Assim, vemos diversas alternativas de apelo pela atenção do público e, delas, algumas se sobressaem de forma notável. Aqui é importante perceber o trunfo da publicidade conteúdo, modalidade que cada vez mais tem se difundido. Hoje mostramos conceitos, valores e, sobretudo, posicionamentos. Esta que tem sido vista como saída por alguns, por vezes também pode parecer complicada, ainda assim conquistando a atenção do público.

Há certo tempo pode-se ver um bom exemplo com o caso d’O Boticário em sua campanha para o dia dos namorados. A marca valeu-se de um simples comercial sem grandiosos apelos ou muitas expressões demarcadas da paixão própria da data em questão. Nele foi possível ver de forma quase que cotidiana a iniciativa de pessoas que queriam presentear seus companheiros e que o fizeram num singelo abraço, acompanhado de um perfume da marca.

mulheres

A questão abrangida diante do comercial foi: havia pessoas do mesmo sexo se presenteando. De uma forma simples e – eu diria – quase sutil, O Boticário demonstrou interesse, respeito e atenção aos seus consumidores que prezam pelo carinho ao seu companheiro sejam estes do mesmo sexo ou não. Ou seja, busca-se a venda do produto, mas o foco está no cliente e no conteúdo que lhe é relevante, em seus valores e aspirações.
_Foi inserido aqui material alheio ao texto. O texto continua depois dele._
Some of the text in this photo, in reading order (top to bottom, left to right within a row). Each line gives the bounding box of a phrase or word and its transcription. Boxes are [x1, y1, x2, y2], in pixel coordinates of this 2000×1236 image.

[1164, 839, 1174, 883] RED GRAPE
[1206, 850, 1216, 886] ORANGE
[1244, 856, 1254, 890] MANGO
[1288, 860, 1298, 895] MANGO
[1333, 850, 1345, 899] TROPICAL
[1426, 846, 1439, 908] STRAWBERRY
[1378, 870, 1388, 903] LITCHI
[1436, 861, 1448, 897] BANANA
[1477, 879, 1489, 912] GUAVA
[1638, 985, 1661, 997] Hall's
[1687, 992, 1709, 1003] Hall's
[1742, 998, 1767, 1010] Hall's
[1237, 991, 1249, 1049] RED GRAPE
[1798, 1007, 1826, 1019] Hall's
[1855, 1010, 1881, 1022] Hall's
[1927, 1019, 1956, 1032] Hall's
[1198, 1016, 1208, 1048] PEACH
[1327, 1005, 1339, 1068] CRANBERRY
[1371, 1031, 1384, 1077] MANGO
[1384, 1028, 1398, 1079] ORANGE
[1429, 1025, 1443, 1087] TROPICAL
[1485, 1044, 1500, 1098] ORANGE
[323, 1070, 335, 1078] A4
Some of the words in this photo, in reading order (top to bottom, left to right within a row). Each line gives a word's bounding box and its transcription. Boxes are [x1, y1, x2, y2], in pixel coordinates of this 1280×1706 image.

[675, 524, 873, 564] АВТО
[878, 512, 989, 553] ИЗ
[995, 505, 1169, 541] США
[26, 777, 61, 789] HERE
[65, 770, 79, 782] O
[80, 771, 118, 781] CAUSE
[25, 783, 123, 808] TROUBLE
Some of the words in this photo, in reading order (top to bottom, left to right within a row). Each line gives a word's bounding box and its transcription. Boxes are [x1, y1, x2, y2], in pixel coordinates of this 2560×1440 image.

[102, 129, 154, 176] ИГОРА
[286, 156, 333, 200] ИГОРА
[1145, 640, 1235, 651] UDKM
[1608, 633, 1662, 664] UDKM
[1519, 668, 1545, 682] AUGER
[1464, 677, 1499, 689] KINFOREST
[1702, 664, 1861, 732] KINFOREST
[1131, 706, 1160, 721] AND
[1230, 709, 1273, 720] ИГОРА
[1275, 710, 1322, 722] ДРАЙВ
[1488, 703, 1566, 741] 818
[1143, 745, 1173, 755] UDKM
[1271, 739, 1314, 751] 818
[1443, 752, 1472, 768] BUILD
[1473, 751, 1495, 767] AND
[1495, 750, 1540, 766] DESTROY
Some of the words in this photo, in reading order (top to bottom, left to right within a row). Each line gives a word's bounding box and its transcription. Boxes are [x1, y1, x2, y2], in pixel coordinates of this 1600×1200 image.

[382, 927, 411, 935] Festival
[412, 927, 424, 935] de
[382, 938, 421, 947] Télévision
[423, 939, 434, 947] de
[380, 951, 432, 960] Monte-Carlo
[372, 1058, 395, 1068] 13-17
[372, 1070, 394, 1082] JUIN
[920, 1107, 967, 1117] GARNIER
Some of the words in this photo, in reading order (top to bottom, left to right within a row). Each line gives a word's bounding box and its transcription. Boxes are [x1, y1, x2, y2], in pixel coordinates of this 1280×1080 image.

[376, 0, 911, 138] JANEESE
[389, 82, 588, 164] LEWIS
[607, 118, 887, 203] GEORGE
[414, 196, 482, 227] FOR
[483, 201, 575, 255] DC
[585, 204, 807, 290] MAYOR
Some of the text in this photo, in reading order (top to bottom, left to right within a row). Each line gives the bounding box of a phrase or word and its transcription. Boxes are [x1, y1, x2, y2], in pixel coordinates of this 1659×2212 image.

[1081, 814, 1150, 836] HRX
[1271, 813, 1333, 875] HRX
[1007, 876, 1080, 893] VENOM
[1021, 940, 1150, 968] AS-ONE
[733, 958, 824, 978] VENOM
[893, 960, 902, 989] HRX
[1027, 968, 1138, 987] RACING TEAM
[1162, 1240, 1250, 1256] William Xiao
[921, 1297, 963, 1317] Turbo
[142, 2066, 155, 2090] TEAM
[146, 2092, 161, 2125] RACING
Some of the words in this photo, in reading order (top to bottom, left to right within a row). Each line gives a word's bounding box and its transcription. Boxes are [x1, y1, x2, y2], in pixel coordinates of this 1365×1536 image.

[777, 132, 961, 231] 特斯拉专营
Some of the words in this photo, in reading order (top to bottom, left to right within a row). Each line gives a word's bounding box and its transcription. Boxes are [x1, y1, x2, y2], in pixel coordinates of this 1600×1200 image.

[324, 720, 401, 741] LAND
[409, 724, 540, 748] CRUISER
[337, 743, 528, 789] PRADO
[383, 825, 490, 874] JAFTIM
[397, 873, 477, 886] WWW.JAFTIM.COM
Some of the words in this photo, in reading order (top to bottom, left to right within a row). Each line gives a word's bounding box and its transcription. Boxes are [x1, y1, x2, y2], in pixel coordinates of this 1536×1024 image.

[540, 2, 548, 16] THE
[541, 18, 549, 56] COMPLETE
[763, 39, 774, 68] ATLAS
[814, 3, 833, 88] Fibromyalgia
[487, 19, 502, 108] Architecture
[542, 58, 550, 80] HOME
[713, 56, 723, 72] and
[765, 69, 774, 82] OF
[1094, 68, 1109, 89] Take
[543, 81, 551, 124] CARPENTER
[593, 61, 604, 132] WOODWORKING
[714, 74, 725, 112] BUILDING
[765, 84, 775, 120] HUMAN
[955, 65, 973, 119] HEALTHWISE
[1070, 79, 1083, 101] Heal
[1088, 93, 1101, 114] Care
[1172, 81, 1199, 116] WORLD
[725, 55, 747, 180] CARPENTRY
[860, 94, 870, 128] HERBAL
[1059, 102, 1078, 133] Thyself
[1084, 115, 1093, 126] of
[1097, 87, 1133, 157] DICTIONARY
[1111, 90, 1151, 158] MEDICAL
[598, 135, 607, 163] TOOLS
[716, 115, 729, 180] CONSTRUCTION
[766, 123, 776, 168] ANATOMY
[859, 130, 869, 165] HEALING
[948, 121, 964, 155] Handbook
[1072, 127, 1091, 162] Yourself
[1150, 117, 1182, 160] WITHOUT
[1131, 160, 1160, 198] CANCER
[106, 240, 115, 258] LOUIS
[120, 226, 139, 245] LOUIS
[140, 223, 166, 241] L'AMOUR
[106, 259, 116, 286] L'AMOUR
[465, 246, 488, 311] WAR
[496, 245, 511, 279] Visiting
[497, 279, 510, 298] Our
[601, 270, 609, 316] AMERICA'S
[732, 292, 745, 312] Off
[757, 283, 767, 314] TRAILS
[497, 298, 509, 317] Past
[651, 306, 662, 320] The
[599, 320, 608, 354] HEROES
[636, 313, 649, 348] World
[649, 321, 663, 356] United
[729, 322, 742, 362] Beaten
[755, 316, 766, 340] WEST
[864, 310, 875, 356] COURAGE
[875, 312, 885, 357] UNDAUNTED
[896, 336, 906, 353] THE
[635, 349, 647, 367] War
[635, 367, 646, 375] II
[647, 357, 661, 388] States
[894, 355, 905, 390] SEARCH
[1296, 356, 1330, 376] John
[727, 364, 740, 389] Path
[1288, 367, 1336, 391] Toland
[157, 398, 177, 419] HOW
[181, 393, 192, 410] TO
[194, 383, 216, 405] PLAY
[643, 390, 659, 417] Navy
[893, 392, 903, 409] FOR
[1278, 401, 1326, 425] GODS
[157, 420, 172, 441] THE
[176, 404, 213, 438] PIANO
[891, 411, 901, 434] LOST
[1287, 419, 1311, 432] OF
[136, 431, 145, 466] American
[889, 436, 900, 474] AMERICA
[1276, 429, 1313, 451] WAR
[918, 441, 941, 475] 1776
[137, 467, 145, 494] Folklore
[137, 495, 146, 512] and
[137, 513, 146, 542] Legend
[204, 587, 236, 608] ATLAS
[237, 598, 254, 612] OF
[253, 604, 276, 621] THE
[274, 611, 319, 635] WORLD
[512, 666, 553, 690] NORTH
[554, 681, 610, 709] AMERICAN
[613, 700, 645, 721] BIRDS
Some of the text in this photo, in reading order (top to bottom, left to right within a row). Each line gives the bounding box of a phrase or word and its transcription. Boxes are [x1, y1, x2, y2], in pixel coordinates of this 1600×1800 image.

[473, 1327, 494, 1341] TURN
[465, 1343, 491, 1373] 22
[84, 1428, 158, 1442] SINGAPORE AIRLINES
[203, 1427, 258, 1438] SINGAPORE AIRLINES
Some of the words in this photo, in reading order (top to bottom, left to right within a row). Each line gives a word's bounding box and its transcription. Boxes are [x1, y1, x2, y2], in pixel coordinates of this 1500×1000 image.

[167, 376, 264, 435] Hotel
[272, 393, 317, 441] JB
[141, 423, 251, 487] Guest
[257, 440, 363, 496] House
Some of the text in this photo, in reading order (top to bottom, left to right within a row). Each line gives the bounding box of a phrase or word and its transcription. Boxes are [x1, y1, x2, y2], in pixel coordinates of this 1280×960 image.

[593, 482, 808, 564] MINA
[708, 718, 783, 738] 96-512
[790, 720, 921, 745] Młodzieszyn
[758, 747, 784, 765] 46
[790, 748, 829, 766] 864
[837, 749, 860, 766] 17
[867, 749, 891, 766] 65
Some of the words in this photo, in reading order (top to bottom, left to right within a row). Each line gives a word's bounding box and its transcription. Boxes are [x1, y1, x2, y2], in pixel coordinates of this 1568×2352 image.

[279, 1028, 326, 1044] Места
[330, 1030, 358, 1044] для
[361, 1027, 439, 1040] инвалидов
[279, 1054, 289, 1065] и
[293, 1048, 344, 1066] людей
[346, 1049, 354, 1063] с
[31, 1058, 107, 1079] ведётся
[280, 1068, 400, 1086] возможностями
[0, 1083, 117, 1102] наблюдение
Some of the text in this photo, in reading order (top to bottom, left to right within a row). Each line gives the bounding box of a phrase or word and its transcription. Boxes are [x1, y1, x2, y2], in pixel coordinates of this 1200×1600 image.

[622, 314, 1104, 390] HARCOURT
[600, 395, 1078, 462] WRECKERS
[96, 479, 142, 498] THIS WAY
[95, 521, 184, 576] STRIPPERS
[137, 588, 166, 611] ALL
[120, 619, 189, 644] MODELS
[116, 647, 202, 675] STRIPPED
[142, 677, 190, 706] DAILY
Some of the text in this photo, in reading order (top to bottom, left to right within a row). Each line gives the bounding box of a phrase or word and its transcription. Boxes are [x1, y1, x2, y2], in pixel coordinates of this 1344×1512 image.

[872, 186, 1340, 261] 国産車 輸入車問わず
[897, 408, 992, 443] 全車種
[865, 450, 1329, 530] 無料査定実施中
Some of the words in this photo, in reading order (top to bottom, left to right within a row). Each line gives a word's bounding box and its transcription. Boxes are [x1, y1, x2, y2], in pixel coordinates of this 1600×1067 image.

O interesse por conteúdo dentro da publicidade também se muda em posicionamento social, quase que político. E como se pode ver, tudo isso rendeu grande atenção sobre a marca e seu comercial. Mesmo não tendo sido este o único exemplo (a mesma tem uma bela campanha do dia dos pais, a Coca Cola por sua vez lançou um curta com temática gay e por aí vai) de posicionamento por marcas, nele pode-se perceber de forma clara o quanto isto pode ser rentável para a comunicação de uma empresa e para a própria Comunicação como prática e forma de discussão.

Com o desenrolar da campanha surgiram, certamente, muitos a favor da posição tomada pelo anunciante como também muitos outros se pronunciaram em desapontamento com sua, antes, conhecida perfumaria. Neste momento, após comentários bem desfavoráveis, – um deles da curitibana Patrícia – é possível pensar o quanto tudo isso foi risco desnecessário e mesmo infrutífero, mas a marca se pronunciou:

resposta empresa

Mais uma vez, sem necessitar de muitos arroubos ou coisa assim, a marca sobe se mostrar interessada em seus consumidores e no diálogo com os mesmos. Ou seja, não nos adianta mais jogar nossas propostas aos clientes e esperar que eles as adotem por isso mesmo. Hoje, mais do que nunca a Publicidade tem se tornado espaço para discutir e os consumidores é que tem reivindicado isso.

As pessoas querem dialogar e as marcas precisam estar prontas para isso. Os mesmos consumidores de cerveja, perfumes, carros, café e seja lá o que for estão interessados em opinião, as suas próprias e aquelas que possam agregar-lhe valor. E são, ainda, esses valores que estão em debate em toda a sociedade. Se você quer sua marca presente e sendo lembrada, é bom que você entre na conversa e que seja interessante. Acredite, ninguém está procurando pela mesma conversa de sempre.